La SA PAGES JAUNES, intimée, demande la confirmation du jugement déféré et le rejet des demandes de Madame [R] [L].
Elle fait valoir, en ses conclusions régulièrement transmises, visées et développées oralement à l'audience, que :
* sur le blâme : la procédure a été régulièrement suivie ; les propos de Madame [R] [L] étaient inacceptables, qualifiant son équipe de "groupe poubelle constitué pour recaser les vendeurs has been" ;
* sur les frais professionnels : ils font l'objet d'une participation forfaitaire de l'employeur comme prévu au contrat de travail, ce qui est légal, et Madame [R] [L] ne peut réclamer aucune somme supérieure ou supplémentaire à ce titre ;
* elle n'établit aucune discrimination quant à la rémunération :
- son salaire initial a été fixé à la fourchette basse comme tous ses collègues ;
- de 2005 à 2008, elle a fait l'objet d'une augmentation individuelle et de plusieurs augmentations collectives,
- à partir de 2009, aucune comparaison n'est plus pertinente car elle a refusé le nouveau contrat,
ni quant à la répartition des équipes et des secteurs :
- elle ne s'est plaint de la répartition géographique qu'en 2009, et elle n'est pas plus défavorable que pour ses collègues, cette répartition se fait d'un commun accord entre eux ;
- sur l'affectation des commerciaux, elle ne rapporte aucune preuve de ce qu'elle avance sur une discrimination dans le choix des personnes affectées ;
* sur le harcèlement : elle n'a travaillé que quelques semaines avec M [M] qui s'est montré normalement courtois avec elle ; les faits invoqués par Madame [R] [L] ne constituent pas un harcèlement mais l'exercice des fonctions hiérarchiques.
Motifs de la décision
Sur la résiliation judiciaire du contrat de travail
# sur la rupture d'égalité quant à la rémunération
Il résulte du contrat de travail du 12 avril 2005 que Madame [R] [L] qu'elle a été engagée au poste de Responsable de Vente Conseillers Commerciaux (RVCC) pour un salaire fixe mensuel brut de 2 600 € outre un 13ème mois, ce que la SAS PAGES JAUNES admet comme étant le niveau bas de salaire pour ce poste. Il ressort encore des conclusions respectives que Madame [R] [L] a bénéficié, depuis cet engagement, d'une seule augmentation individuelle à hauteur de 100 € à la fin de l'édition 2006, -outre des mesures d'augmentations collectives. Ces dernières ayant bénéficié à tous les salariés d'une même catégorie, seule l'augmentation individuelle peut être prise en compte pour apprécier l'éventuelle différence de traitement entre Madame [R] [L] et les autres RVCC.

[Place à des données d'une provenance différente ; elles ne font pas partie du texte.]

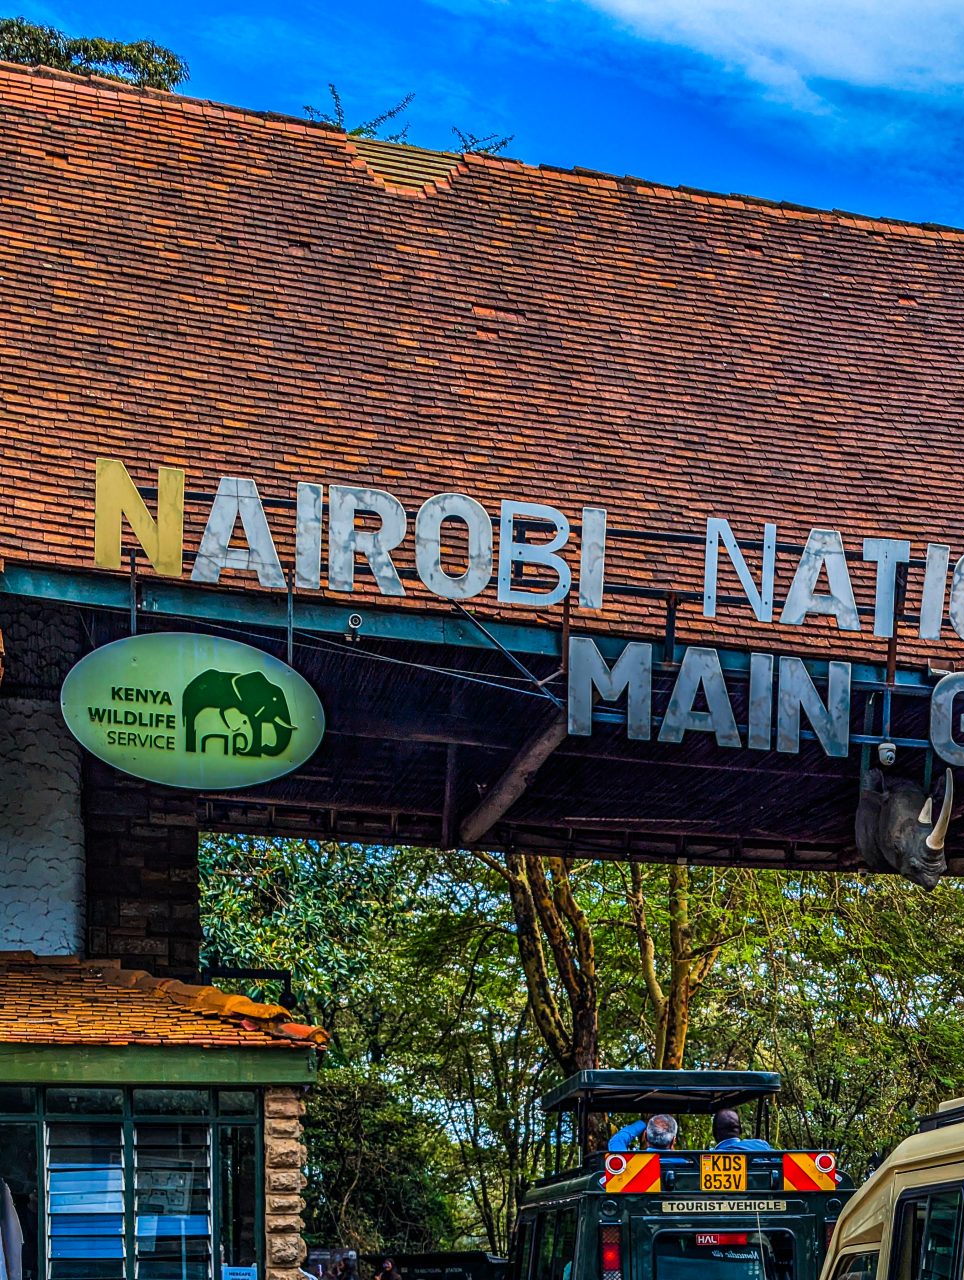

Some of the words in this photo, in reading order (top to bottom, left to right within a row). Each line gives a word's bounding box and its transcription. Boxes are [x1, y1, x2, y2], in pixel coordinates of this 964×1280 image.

[94, 457, 607, 609] NAIROBI
[111, 686, 173, 706] KENYA
[567, 636, 852, 757] MAIN
[87, 706, 176, 729] WILDLIFE
[106, 730, 176, 750] SERVICE
[711, 1155, 742, 1172] KDS
[703, 1173, 742, 1190] 853V
[667, 1201, 724, 1211] TOURIST
[727, 1201, 781, 1211] VEHICLE
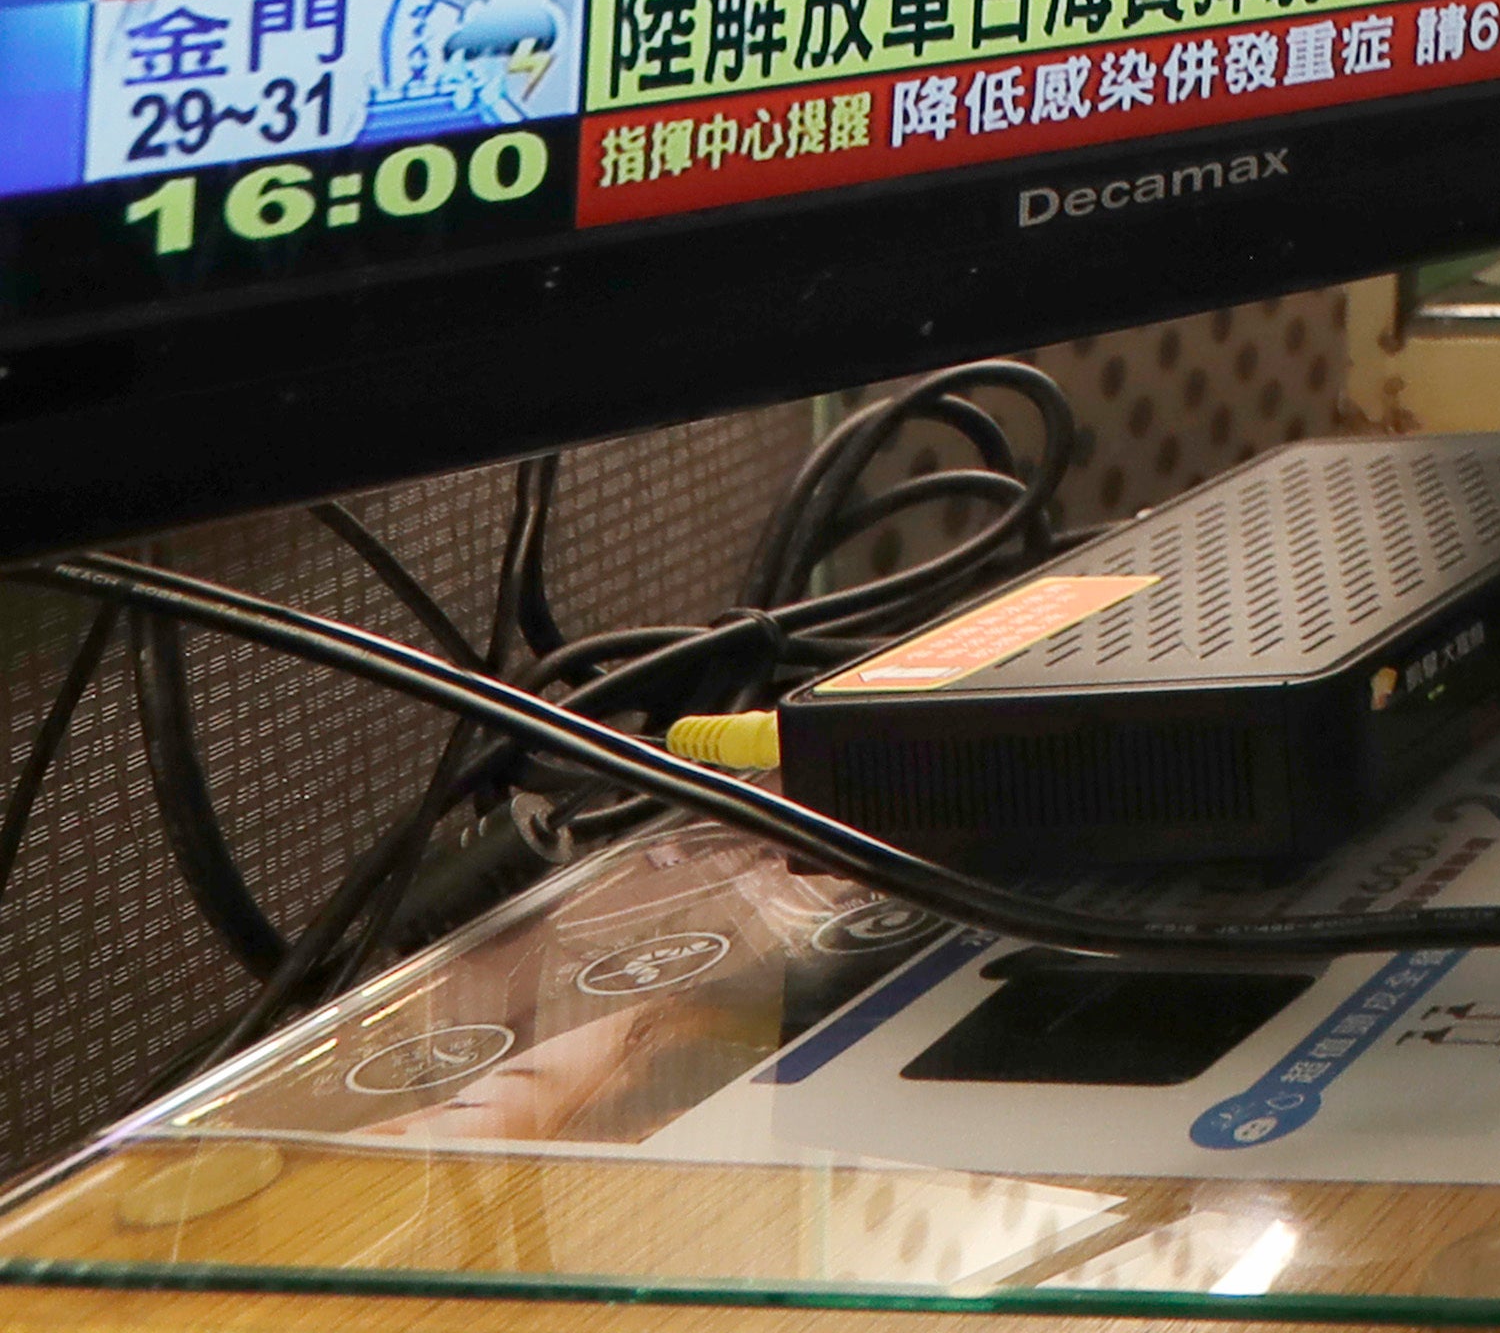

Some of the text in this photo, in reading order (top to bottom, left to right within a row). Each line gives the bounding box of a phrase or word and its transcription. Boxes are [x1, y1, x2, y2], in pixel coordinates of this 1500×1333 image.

Sur ce point, Madame [R] [L] produit aux débats un document interne intitulé 'La rémunération édition 2009 des Responsables de Vente' mais les éléments qu'il révèle ne sont pas probants car ils reposent sur la rémunération fixe tandis que le nouveau contrat, qui n'a pas été accepté par Madame [R] [L], comportait, notamment, une revalorisation de la rémunération fixe, le montant alors offert à Madame [R] [L] étant de 3 443,42 €, ce qui est exact au vu de la proposition de contrat de travail produit aux débats.

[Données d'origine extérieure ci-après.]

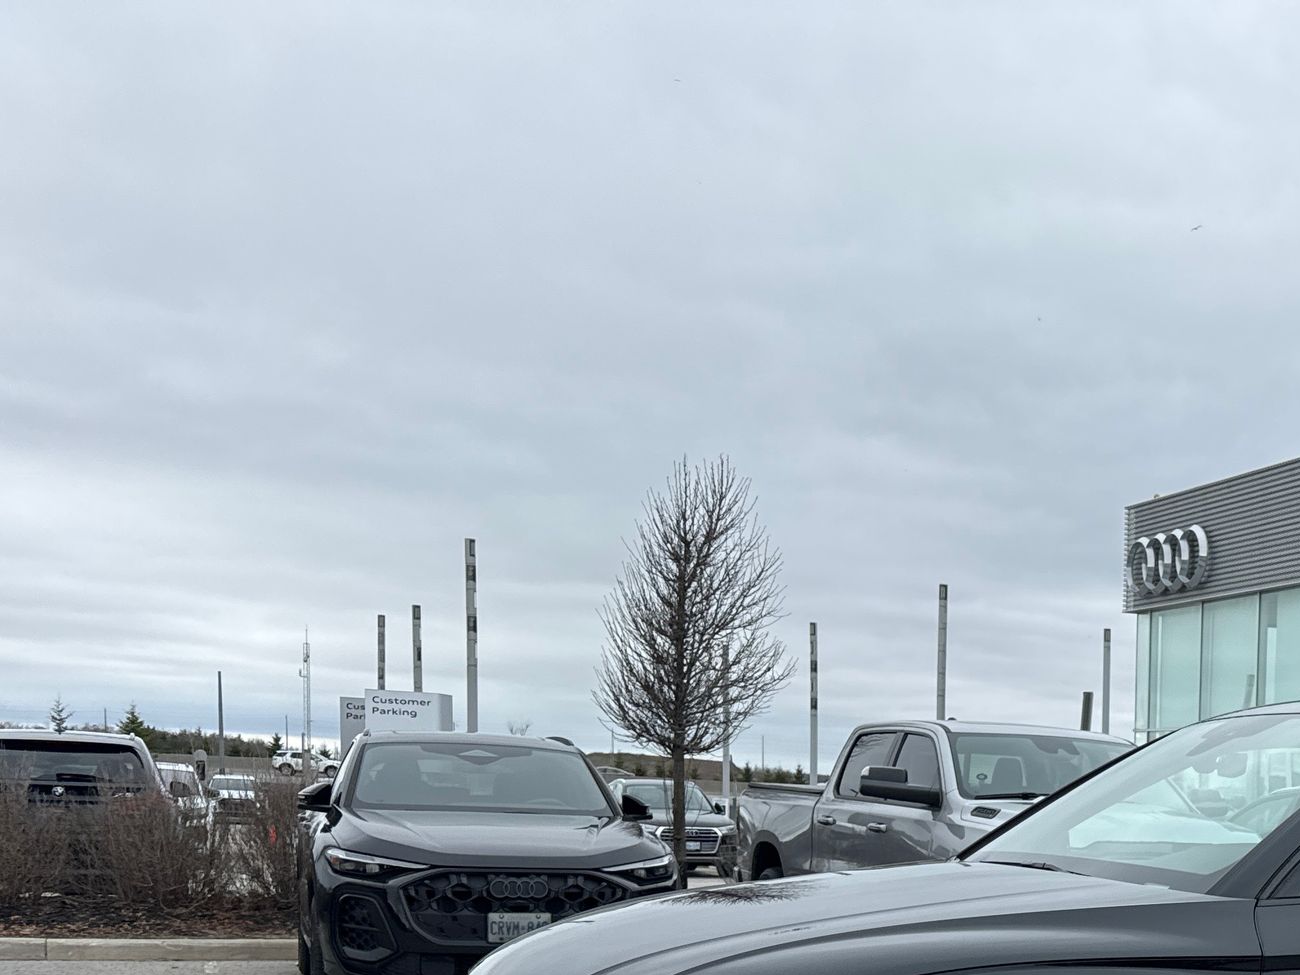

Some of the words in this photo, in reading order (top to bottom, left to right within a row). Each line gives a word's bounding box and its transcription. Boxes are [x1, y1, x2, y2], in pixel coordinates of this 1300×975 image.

[371, 695, 432, 707] Customer
[346, 712, 366, 720] Par
[371, 706, 418, 719] Parking

La SAS PAGES JAUNES verse ensuite aux débats des tableaux annuels de 2006 à 2009 de comparaison des rémunérations fixes de ses responsables de vente et des augmentations individuelles dont ils ont bénéficié. Il en résulte les éléments suivants pour les augmentations individuelles des salariés pour les années 2006 à 2008, l'année 2009 n'étant pas pertinente ainsi qu'il vient d'être dit, - NB : les salariés sont identifiés selon les lettres A à E conformément aux tableaux, leur véritable identité ayant été occultée par l'employeur- :
en 2006
salarié
date embauche
salaire début
période
salaire fin période
augmentation
salarié A
9 mai 2005
2 620,80
2 720,80
3,82 %
Mme [L]
1er mai 2005
2 620,80
2 720,80
3,82 %
en 2007
salarié
date embauche
salaire début
période
salaire fin période
augmentation
salarié A
9 mai 2005
2 756,17
2 906,17
5,44 %
Mme [L]
1er mai 2005
2 756,17
2 756,17
0
en 2008
salarié
date embauche
salaire début période
salaire fin période
augmentation
salarié A
n'est plus mentionnée
salarié B
1er juin 2007
2 652 €
2 752 €
3,77 %
salarié C
1er juin 2007
non significatif : catégorie 'M' (Master)
salarié D
18 février 2008
2 805 €
2 805 €
0
salarié E
Mme [L]
2 811,29 €
2 811,29 €
0
en 2009 :
les montants de salaires ne sont plus significatifs, Mme [L] n'ayant pas accepté le nouveau contrat à la différence de ses collègues ; néanmoins, les augmentations individuelles dont ont bénéficié certains salariés au vu du tableau, indépendamment du nouveau montant de salaire, ont quant à elles toute leur pertinence pour comparer les situations :
salarié
Augmentation individuelle
B
3,79 %
D
0
E
0
Mme [L]
0
Il peut être constaté, au vu de ces comparaisons, les éléments suivants révélateurs d'une différence de traitement au détriment de Madame [R] [L] :
1/ Le salarié A, embauché quasiment en même temps que Madame [R] [L], a bénéficié de deux augmentations individuelles l'une en 2006, l'autre en 2007 et la seconde d'un pourcentage supérieur, tandis que Mme [L] n'en a bénéficié que d'une,
2/ Le salarié B a bénéficié, lui aussi, de deux augmentations individuelles, une chacune des deux années après son embauche,
3/ Le salarié C a été embauché en 2008 à un salaire de 2 805 € ce qui était équivalent (à 6,29 € près) à celui que Madame [R] [L] avait atteint après la seule augmentation dont elle a bénéficié alors qu'elle était en poste depuis 2005.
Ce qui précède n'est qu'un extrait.